The UK has finally left the European Union after years of tense negotiations, many resignations, and a controversial prorogation.
January 23 2013
Under intense pressure from many of his own MPs and with the rise of Ukip, Prime Minister David Cameron promises an in-out referendum on EU membership if the Conservatives win the 2015 general election. Mr Cameron pledges to campaign with “all my heart and soul” for Britain to vote to Remain in the referendum, which he says will take place by the end of 2017.
May 7 2015
The Tories unexpectedly make sweeping gains over Ed Miliband’s Labour Party and secure a majority in the Commons. Mr Cameron vows to deliver his manifesto pledge for an EU referendum.
June 23 2016
The UK votes to leave the EU in a shock result that sees 52% of the public support Brexit in a humiliating defeat for the Prime Minister. Mr Cameron quickly resigns, saying: “I don’t think it would be right for me to try to be the captain that steers our country to its next destination.”
July 13 2016
Theresa May takes over as Prime Minister. Mrs May, who had backed Remain, promises to “rise to the challenge” of negotiating the UK’s exit.
November 10 2016
The High Court rules against the Government and says Parliament must hold a vote to trigger Article 50, the mechanism that begins the exit from the EU. Mrs May says the ruling will not stop her from invoking the legislation by April 2017.
March 29 2017
Mrs May triggers Article 50 of the Treaty on European Union. European Council president Donald Tusk says it is not a happy occasion, telling a Brussels press conference his message to the UK is: “We already miss you. Thank you and goodbye.”
April 18 2017
Mrs May announces a snap general election to be held on June 8. Justifying the decision, she says: “The country is coming together but Westminster is not.” The Prime Minister adds that “division in Westminster will risk our ability to make a success of Brexit”.
June 8 2017
There is humiliation for Mrs May as she loses her Commons majority after her election gamble backfires. She becomes head of a minority Conservative administration propped up by the Democratic Unionist Party.
September 22 2017
In a crucial Brexit speech in Florence, Mrs May sends a message to EU leaders by saying: “We want to be your strongest friend and partner as the EU and UK thrive side by side.” She says she is proposing an “implementation period” of “around two years” after Brexit when existing market access arrangements will apply.
December 8 2017
The European Commission announces it is recommending to the European Council that “sufficient progress” has been made in the first phase of Brexit talks. European Commission President Jean-Claude Juncker tells a press conference in Brussels that negotiations had been “difficult” for the EU and the UK.

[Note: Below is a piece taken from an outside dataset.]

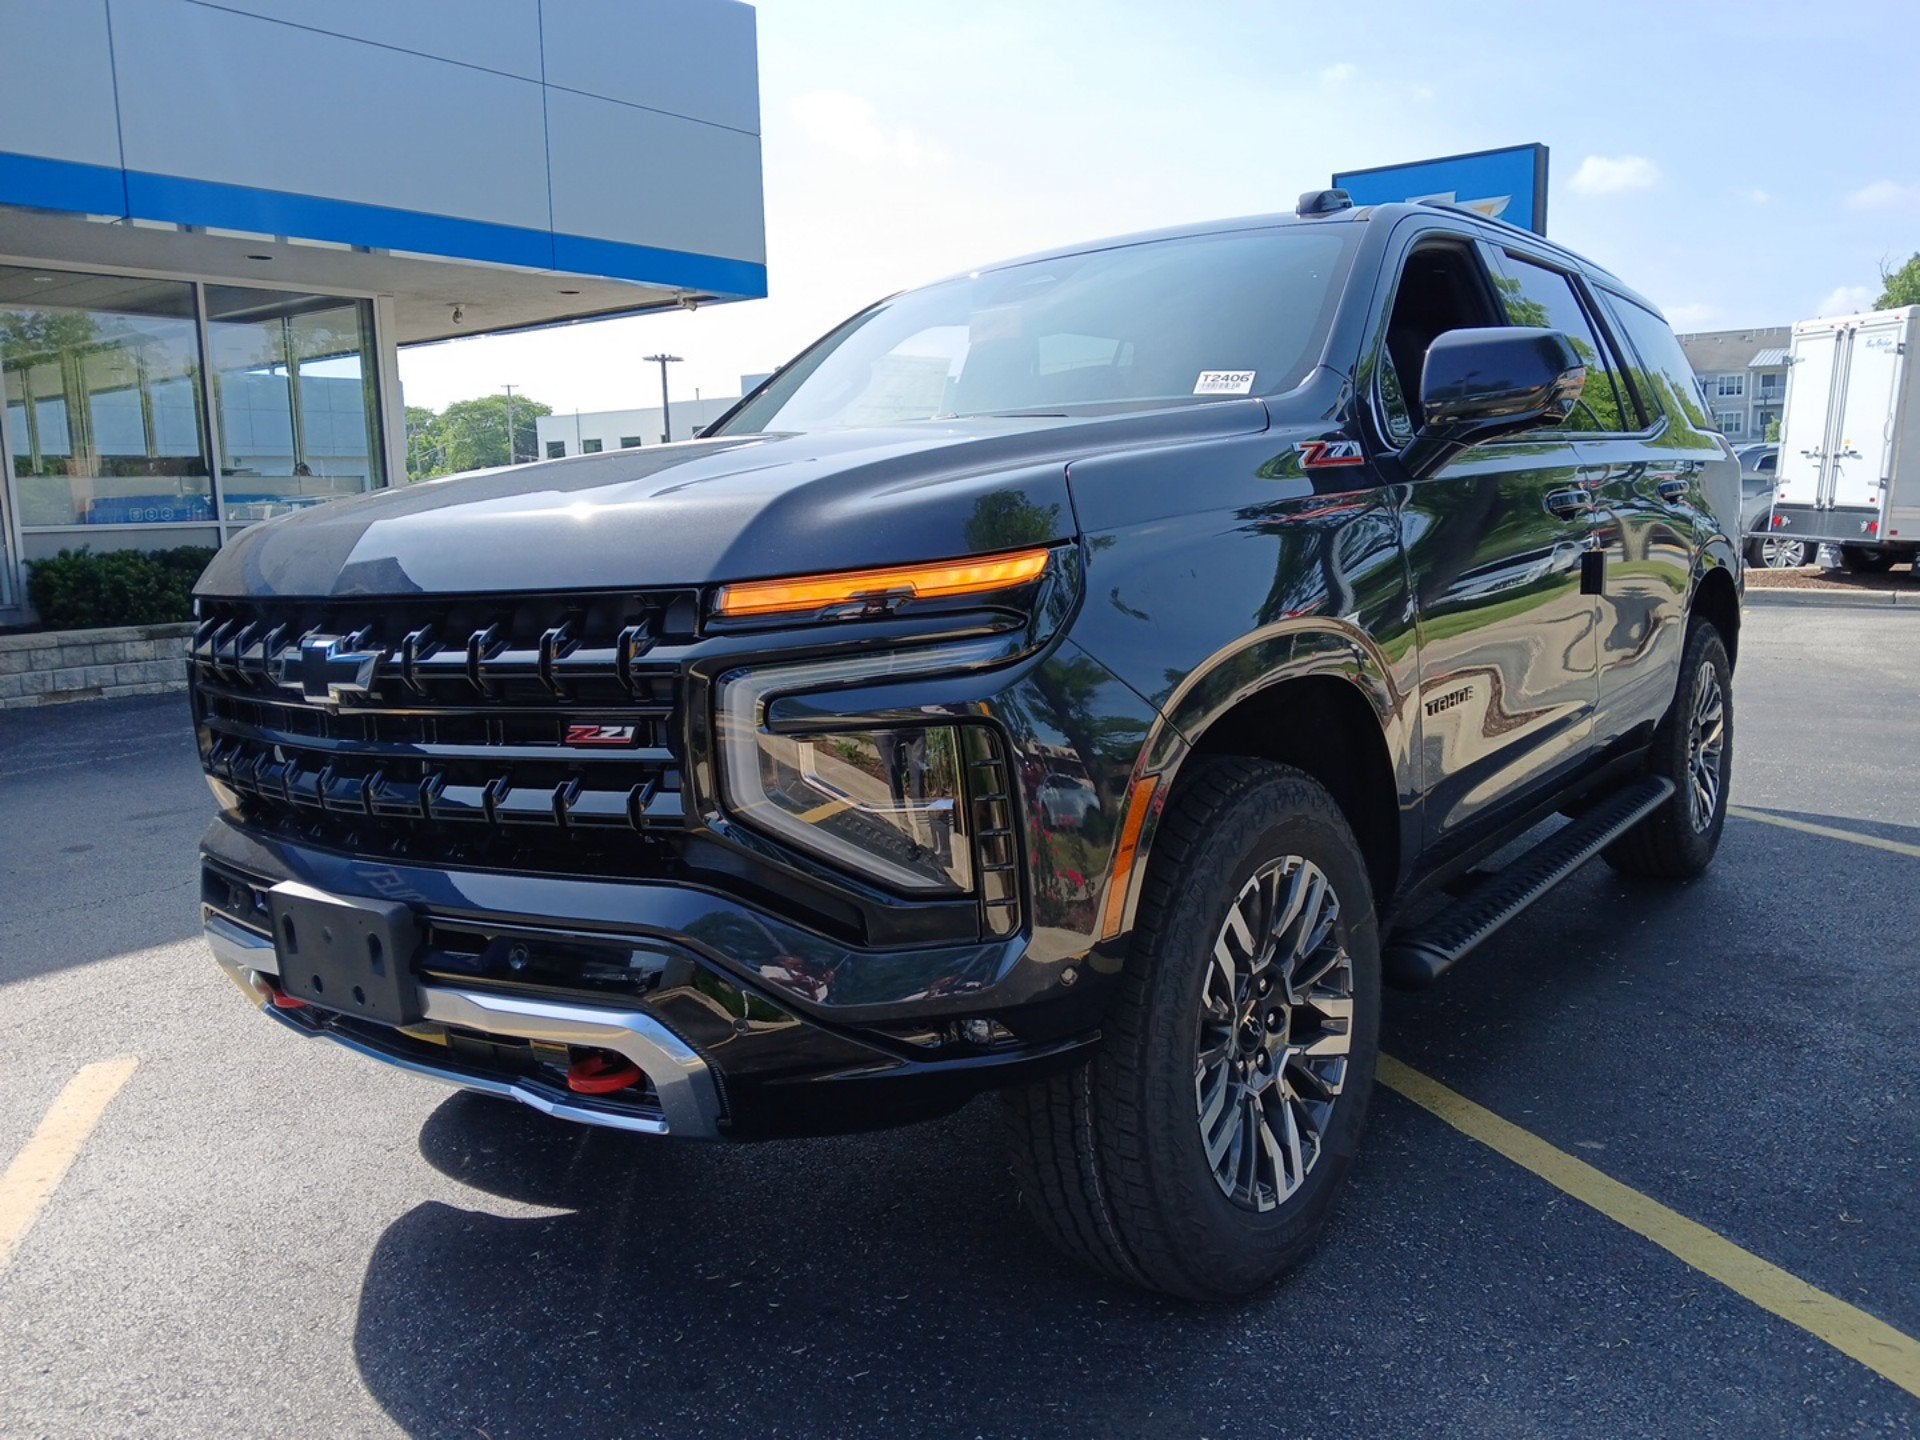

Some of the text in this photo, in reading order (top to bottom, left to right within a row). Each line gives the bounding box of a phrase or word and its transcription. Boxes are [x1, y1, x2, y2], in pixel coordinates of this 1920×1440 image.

[1202, 374, 1250, 382] T2406
[1292, 440, 1364, 469] Z71
[565, 725, 635, 743] Z71

The announcement comes after Mrs May and Brexit Secretary David Davis make an early-hours journey to Brussels. The PM says the Brexit deal is a “significant improvement” which required give and take on both sides, and that it will ensure “no hard border” in Ireland.
March 19 2018
The EU’s chief Brexit negotiator, Michel Barnier, says he and Mr Davis have taken a “decisive step” towards agreeing a joint legal text on the UK’s EU withdrawal. He warns there are still outstanding issues relating to the Irish border, saying: “We are not at the end of the road and there is a lot of work still to be done.”
June 19 2018
Britain and the European Union publish a joint statement outlining the progress that has been made since negotiations in March. Brussels warns that serious differences remain over how to deal with the border between Northern Ireland and the Republic after Brexit.
July 6 2018
A crunch Cabinet meeting at Chequers agrees Mrs May’s new Brexit plans, including the creation of a new UK-European Union free trade area for goods. But not all who attend are happy with the compromises.
July 8 and July 9 2018
Brexit Secretary Mr Davis resigns from the Government. In his resignation letter he tells Mrs May “the current trend of policy and tactics” is making it “look less and less likely” that the UK will leave the customs union and single market. The following day Boris Johnson quits as Foreign Secretary, claiming the plans mean “we are truly headed for the status of colony” of the EU.
November 14 2018
In a statement outside 10 Downing Street after a five-hour Cabinet meeting, Mrs May says that Cabinet has agreed the draft Brexit Withdrawal Agreement and she believes it is “the best that could be negotiated”.
November 15 2018
Dominic Raab resigns as Brexit Secretary, saying he “cannot in good conscience support the terms proposed for our deal with the EU”. More resignations follow, including Work and Pensions Secretary Esther McVey. Leading Brexiteer Jacob Rees-Mogg submits a letter of no confidence in Mrs May.
November 25 2018
The 27 European Union leaders endorse the Brexit deal.
December 12 2018
Mrs May survives an attempt to oust her with a vote of no confidence as Tory MPs vote by 200 to 117 in the secret ballot in Westminster.
January 15 2019
MPs reject Mrs May’s Brexit plans by an emphatic 432 to 202 in a historic vote which throws the future of her administration and the nature of the UK’s EU withdrawal into doubt.
January 16 2019
Mrs May survives an attempt to oust her as Prime Minister, as MPs reject Labour leader Jeremy Corbyn’s motion of no confidence in the Government by 325 to 306.
March 12 2019
MPs again reject the Government’s Brexit deal by 391 votes to 242.
March 14 2019
MPs vote to delay Brexit in dramatic parliamentary scenes which see the Conservative Party split down the middle. More than half of Tory MPs – including seven Cabinet ministers, at least 33 other ministers and whips, and five party vice-chairs – vote against Mrs May’s motion to put back the date when Britain leaves the EU.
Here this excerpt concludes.